■ **INSTRUCTIONS TO FOLLOW**
Write the records below out in full, character for character, with no pictures.

======

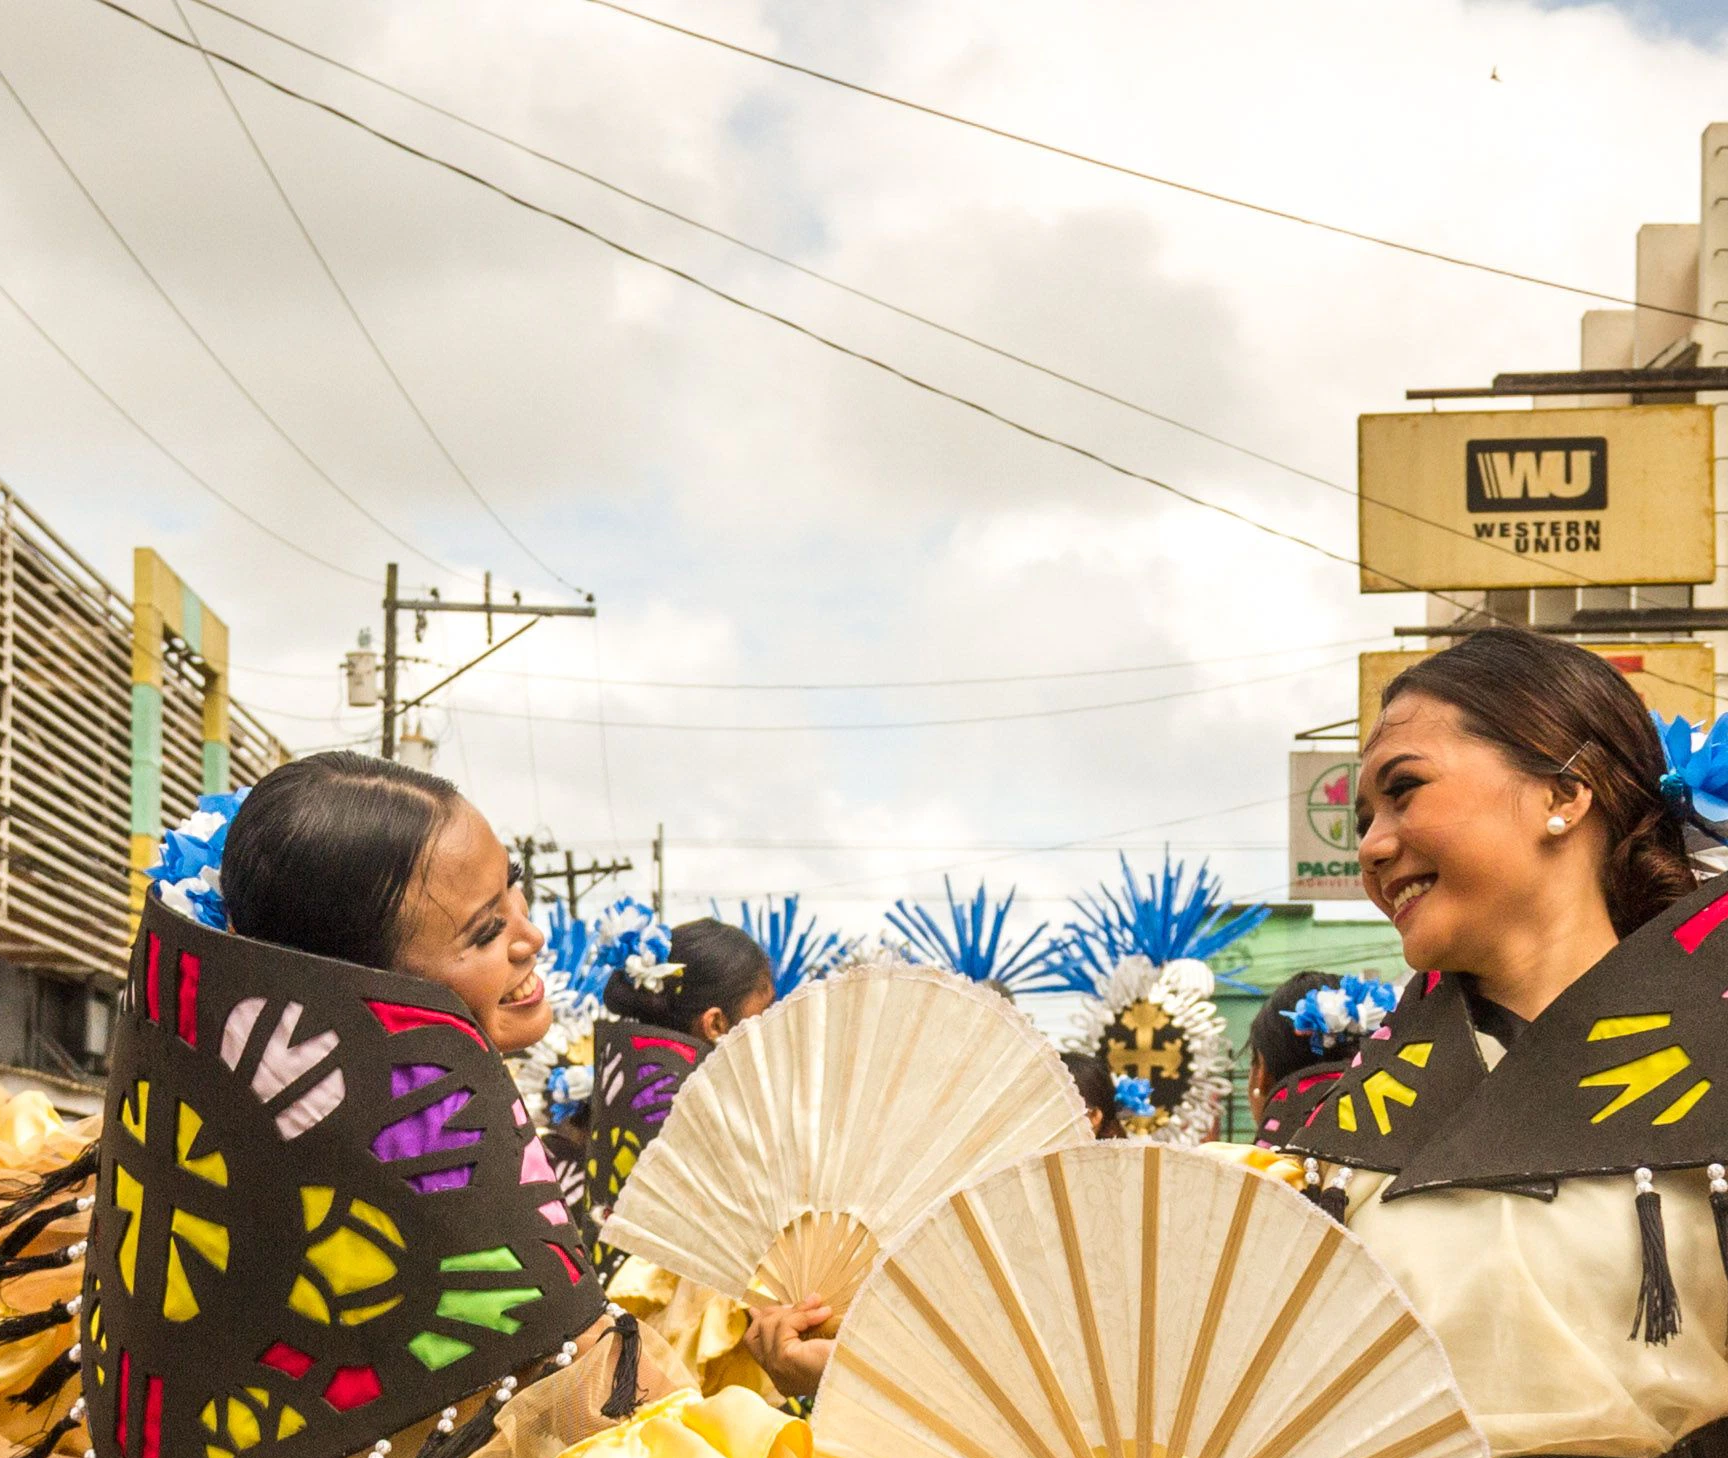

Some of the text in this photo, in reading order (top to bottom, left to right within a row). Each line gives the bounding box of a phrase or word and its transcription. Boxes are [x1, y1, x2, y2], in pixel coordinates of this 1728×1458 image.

[1477, 450, 1593, 499] WU
[1474, 520, 1601, 538] WESTERN
[1515, 536, 1601, 553] UNION
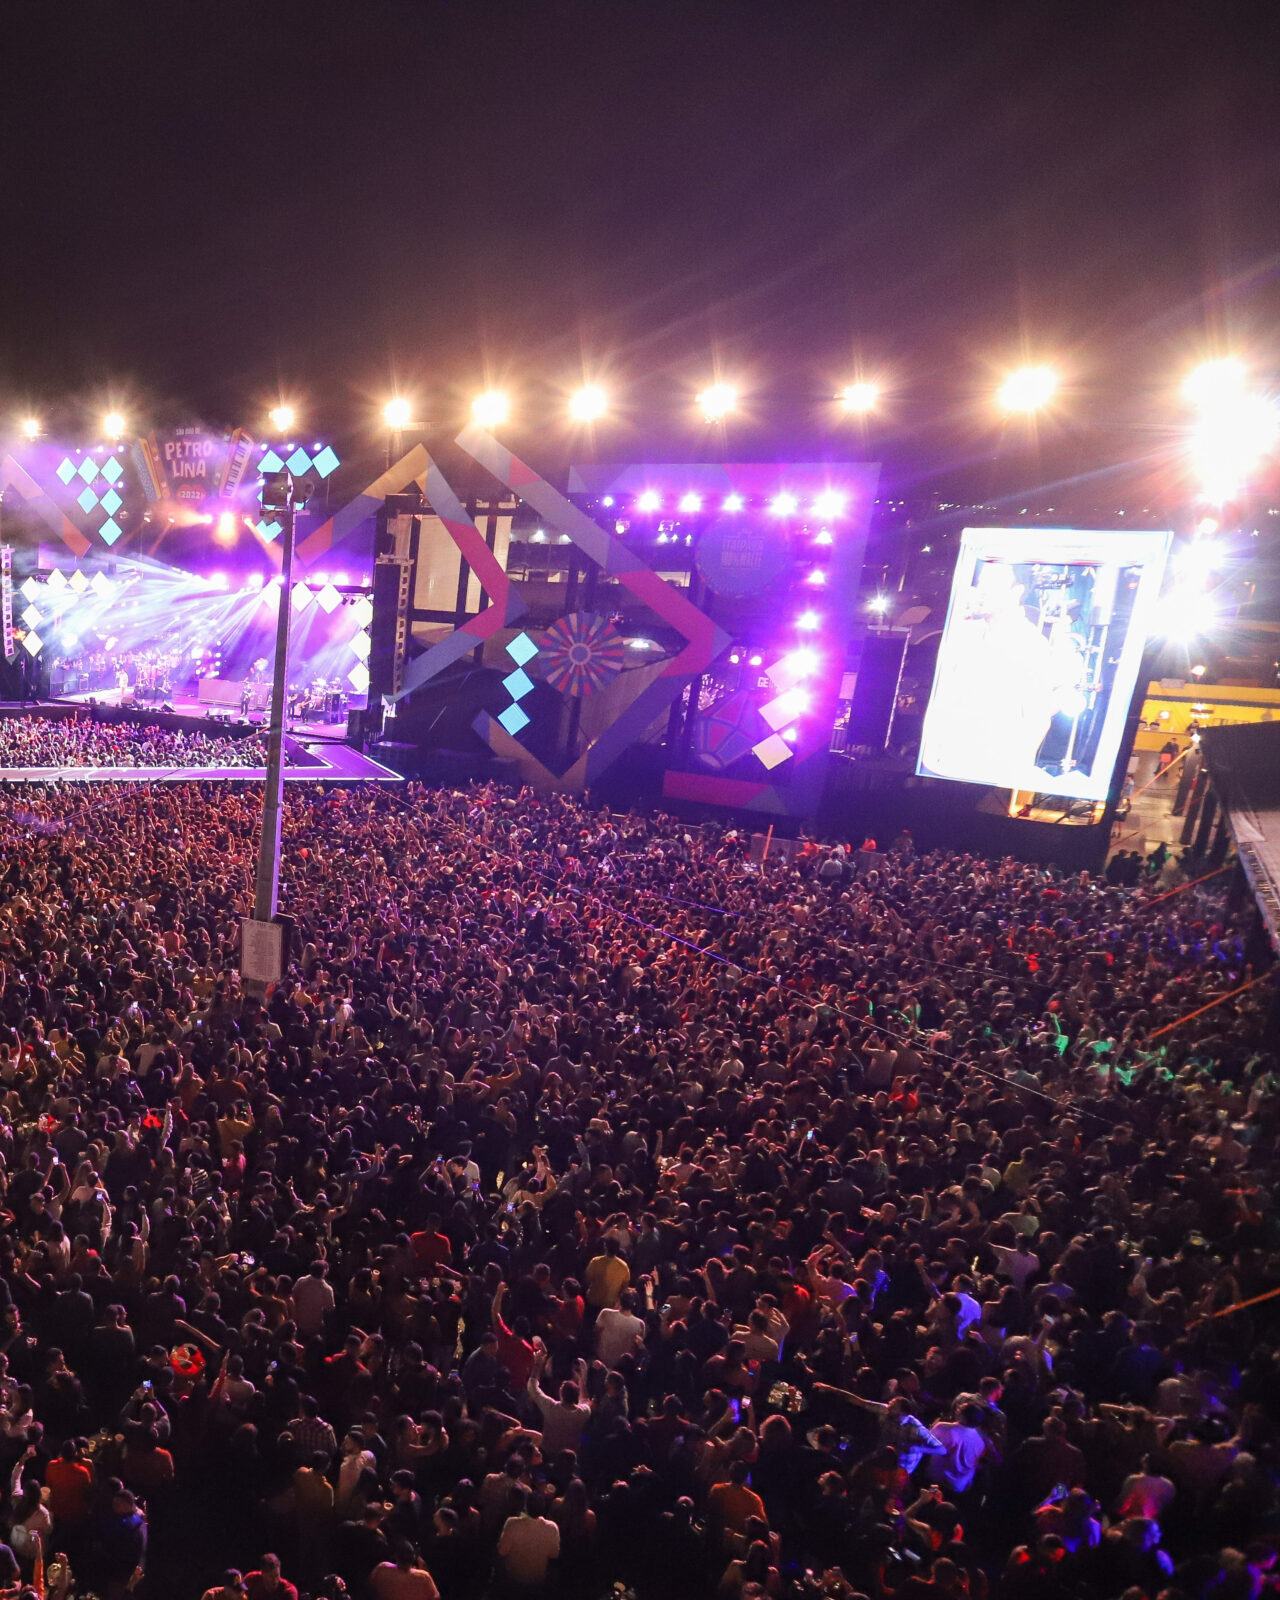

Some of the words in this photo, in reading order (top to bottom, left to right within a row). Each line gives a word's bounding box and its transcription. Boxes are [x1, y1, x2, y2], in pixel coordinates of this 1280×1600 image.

[165, 440, 213, 460] PETRO
[172, 460, 206, 478] LINA
[181, 490, 201, 499] 2022
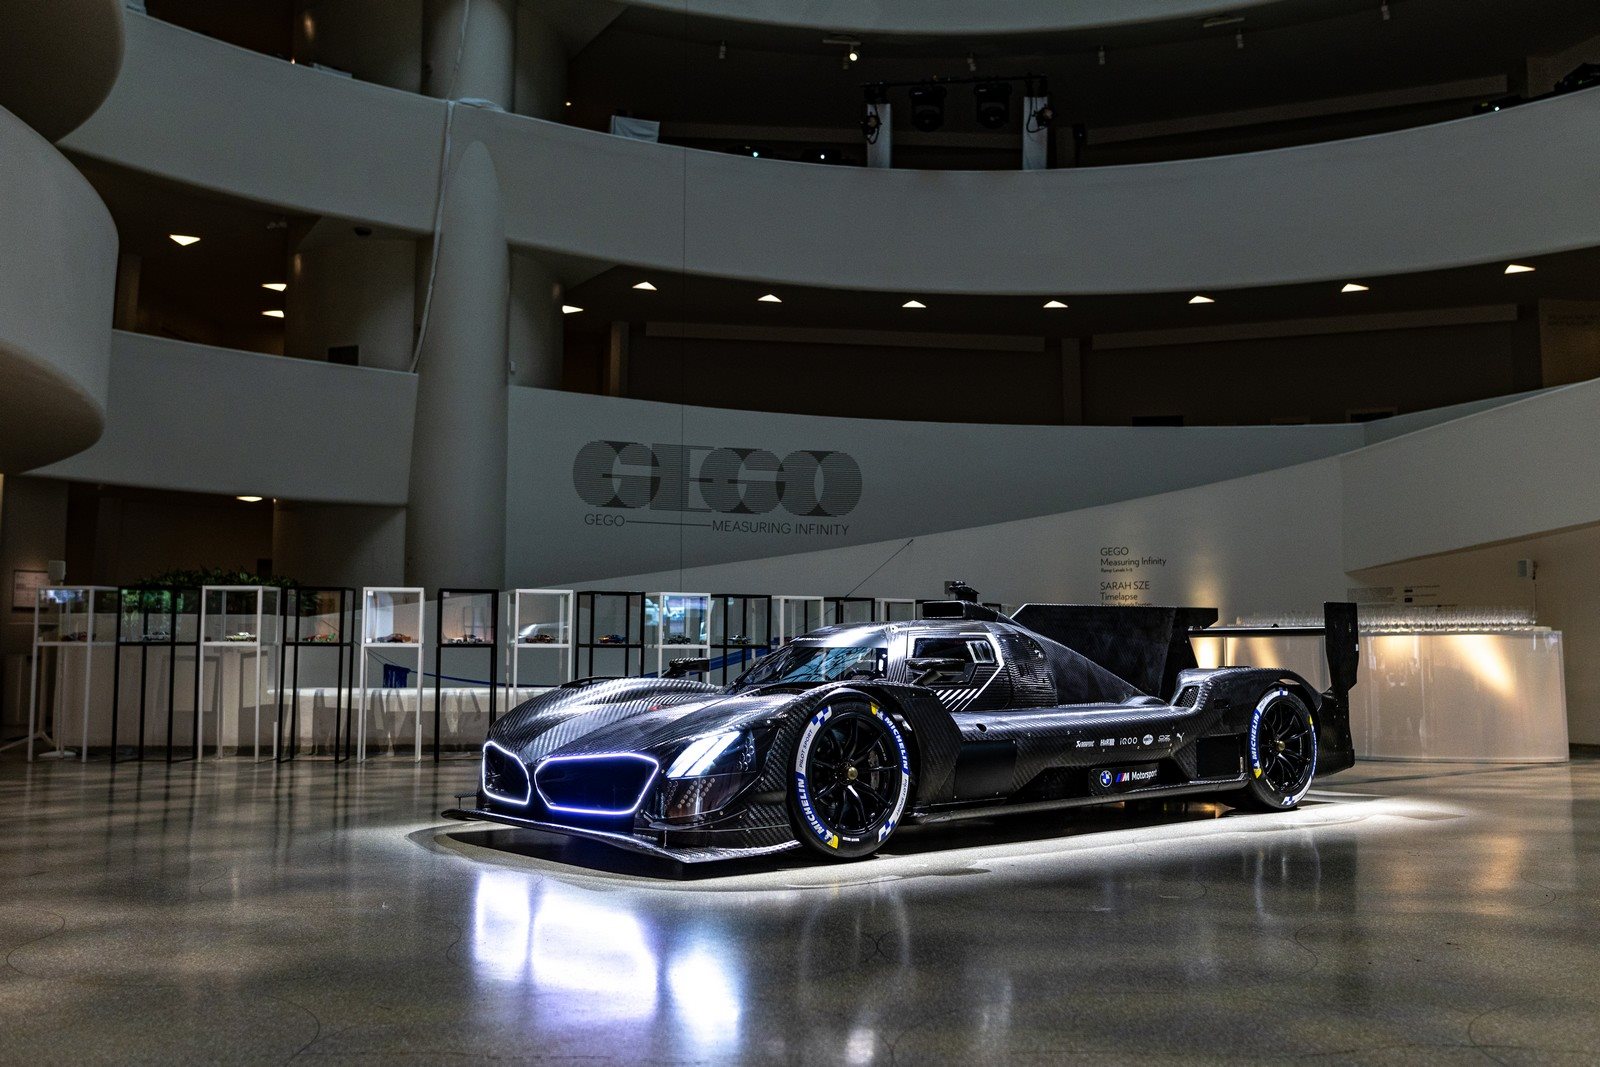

======

■ **SOLUTION TO THE PROBLEM**
Some of the text in this photo, in reading order (top to bottom, left to right within a row). Each line gives the bounding box of a phrase or word and its transcription. Boxes are [x1, y1, x2, y2], in pixel coordinates of this 1728×1458 image.

[1477, 450, 1593, 499] WU
[1474, 520, 1601, 538] WESTERN
[1515, 536, 1601, 553] UNION

Some of the words in this photo, in reading order (top to bottom, left to right within a row). Each line gives a word's bounding box and its transcription. Boxes are [x1, y1, x2, y2], in pixel coordinates of this 1280×1600 image.

[165, 440, 213, 460] PETRO
[172, 460, 206, 478] LINA
[181, 490, 201, 499] 2022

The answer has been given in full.